##### INPUT RECORDS

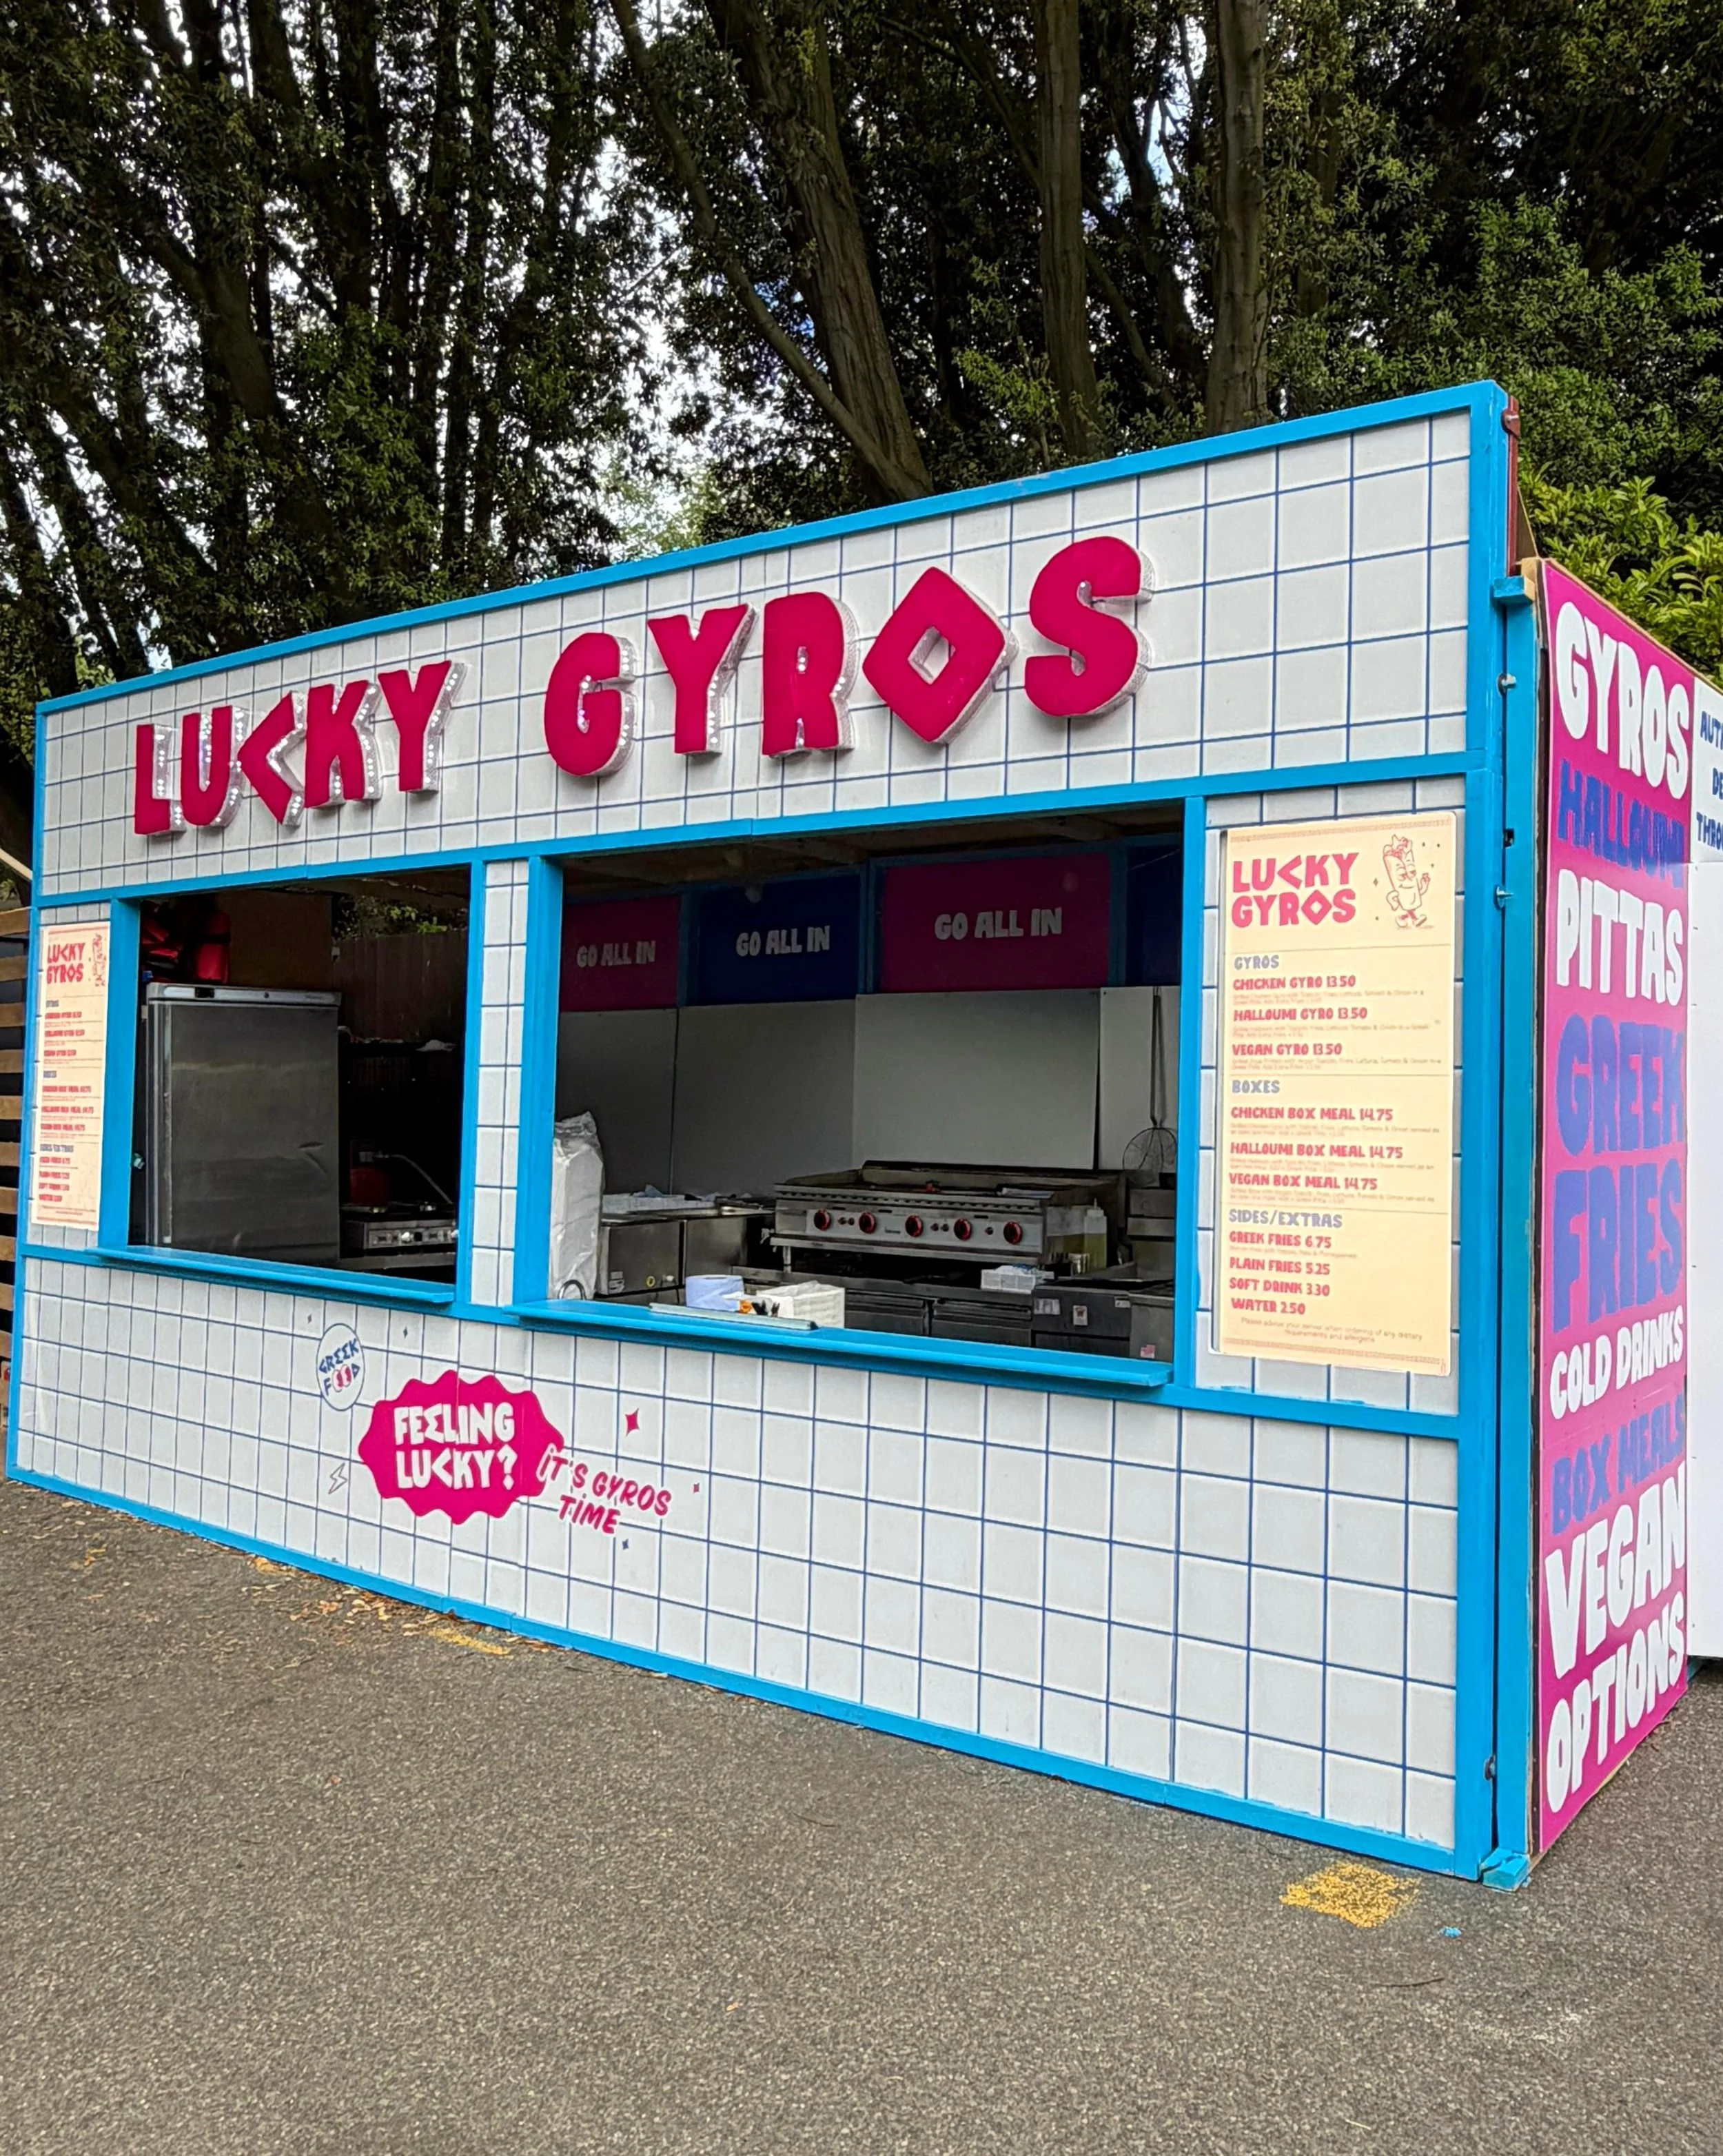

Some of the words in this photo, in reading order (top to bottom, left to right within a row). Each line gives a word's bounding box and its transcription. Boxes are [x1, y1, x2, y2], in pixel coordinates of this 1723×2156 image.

[134, 660, 466, 836] LUCKY
[544, 536, 1154, 777] GYROS
[1556, 601, 1689, 800] GYROS
[1696, 811, 1723, 851] THRO
[1233, 852, 1359, 893] LUCKY
[935, 912, 968, 940] GO
[974, 909, 1024, 938] ALL
[1030, 906, 1062, 937] IN
[1232, 889, 1356, 928] GYROS
[47, 942, 86, 964] LUCKY
[735, 930, 761, 957] GO
[765, 928, 802, 955] ALL
[806, 925, 830, 952] IN
[1557, 868, 1683, 1006] PITTAS
[577, 944, 598, 968] GO
[601, 942, 632, 966] ALL
[635, 940, 656, 964] IN
[1234, 955, 1280, 970] GYROS
[46, 963, 84, 984] GYROS
[1232, 977, 1286, 990] CHICKEN
[1289, 976, 1323, 988] GYRO
[1234, 1008, 1296, 1021] HALLOUMI
[1300, 1008, 1334, 1020] GYRO
[1232, 1044, 1273, 1056] VEGAN
[1276, 1043, 1309, 1055] GYRO
[1232, 1079, 1280, 1094] BOXES
[1555, 1014, 1684, 1156] GREEK
[1230, 1106, 1285, 1119] CHICKEN
[1287, 1107, 1316, 1119] BOX
[1320, 1108, 1356, 1120] MEAL
[1230, 1142, 1293, 1156] HALLOUMI
[1296, 1143, 1325, 1157] BOX
[1329, 1144, 1366, 1158] MEAL
[1229, 1172, 1270, 1186] VEGAN
[1273, 1174, 1301, 1187] BOX
[1305, 1175, 1340, 1189] MEAL
[1229, 1208, 1343, 1228] SIDES/EXTRAS
[1229, 1230, 1264, 1244] GREEK
[1268, 1233, 1301, 1247] FRIES
[1552, 1158, 1682, 1334] FRIES
[1230, 1257, 1265, 1271] PLAIN
[1268, 1259, 1302, 1273] FRIES
[1229, 1277, 1260, 1291] SOFT
[1263, 1280, 1303, 1294] DRINK
[1231, 1297, 1277, 1312] WATER
[1550, 1334, 1613, 1420] COLD
[1616, 1305, 1683, 1390] DRINKS
[394, 1402, 516, 1446] FEELING
[396, 1444, 518, 1491] LUCKY?
[1552, 1434, 1611, 1536] BOX
[1617, 1392, 1685, 1494] MEALS
[593, 1471, 672, 1516] GYROS
[1544, 1460, 1685, 1679] VEGAN
[1547, 1591, 1684, 1813] OPTIONS

##########

An exact copy of each entry is required, minus the pictures.

Some of the words in this photo, in reading order (top to bottom, left to right within a row). Each line gives a word's bounding box and its transcription. Boxes are [x1, y1, x2, y2], in pixel coordinates of this 1723×2156 image.

[134, 660, 466, 836] LUCKY
[544, 536, 1154, 777] GYROS
[1556, 601, 1689, 800] GYROS
[1696, 811, 1723, 851] THRO
[1233, 852, 1359, 893] LUCKY
[935, 912, 968, 940] GO
[974, 909, 1024, 938] ALL
[1030, 906, 1062, 937] IN
[1232, 889, 1356, 928] GYROS
[47, 942, 86, 964] LUCKY
[735, 930, 761, 957] GO
[765, 928, 802, 955] ALL
[806, 925, 830, 952] IN
[1557, 868, 1683, 1006] PITTAS
[577, 944, 598, 968] GO
[601, 942, 632, 966] ALL
[635, 940, 656, 964] IN
[1234, 955, 1280, 970] GYROS
[46, 963, 84, 984] GYROS
[1232, 977, 1286, 990] CHICKEN
[1289, 976, 1323, 988] GYRO
[1234, 1008, 1296, 1021] HALLOUMI
[1300, 1008, 1334, 1020] GYRO
[1232, 1044, 1273, 1056] VEGAN
[1276, 1043, 1309, 1055] GYRO
[1232, 1079, 1280, 1094] BOXES
[1555, 1014, 1684, 1156] GREEK
[1230, 1106, 1285, 1119] CHICKEN
[1287, 1107, 1316, 1119] BOX
[1320, 1108, 1356, 1120] MEAL
[1230, 1142, 1293, 1156] HALLOUMI
[1296, 1143, 1325, 1157] BOX
[1329, 1144, 1366, 1158] MEAL
[1229, 1172, 1270, 1186] VEGAN
[1273, 1174, 1301, 1187] BOX
[1305, 1175, 1340, 1189] MEAL
[1229, 1208, 1343, 1228] SIDES/EXTRAS
[1229, 1230, 1264, 1244] GREEK
[1268, 1233, 1301, 1247] FRIES
[1552, 1158, 1682, 1334] FRIES
[1230, 1257, 1265, 1271] PLAIN
[1268, 1259, 1302, 1273] FRIES
[1229, 1277, 1260, 1291] SOFT
[1263, 1280, 1303, 1294] DRINK
[1231, 1297, 1277, 1312] WATER
[1550, 1334, 1613, 1420] COLD
[1616, 1305, 1683, 1390] DRINKS
[394, 1402, 516, 1446] FEELING
[396, 1444, 518, 1491] LUCKY?
[1552, 1434, 1611, 1536] BOX
[1617, 1392, 1685, 1494] MEALS
[593, 1471, 672, 1516] GYROS
[1544, 1460, 1685, 1679] VEGAN
[1547, 1591, 1684, 1813] OPTIONS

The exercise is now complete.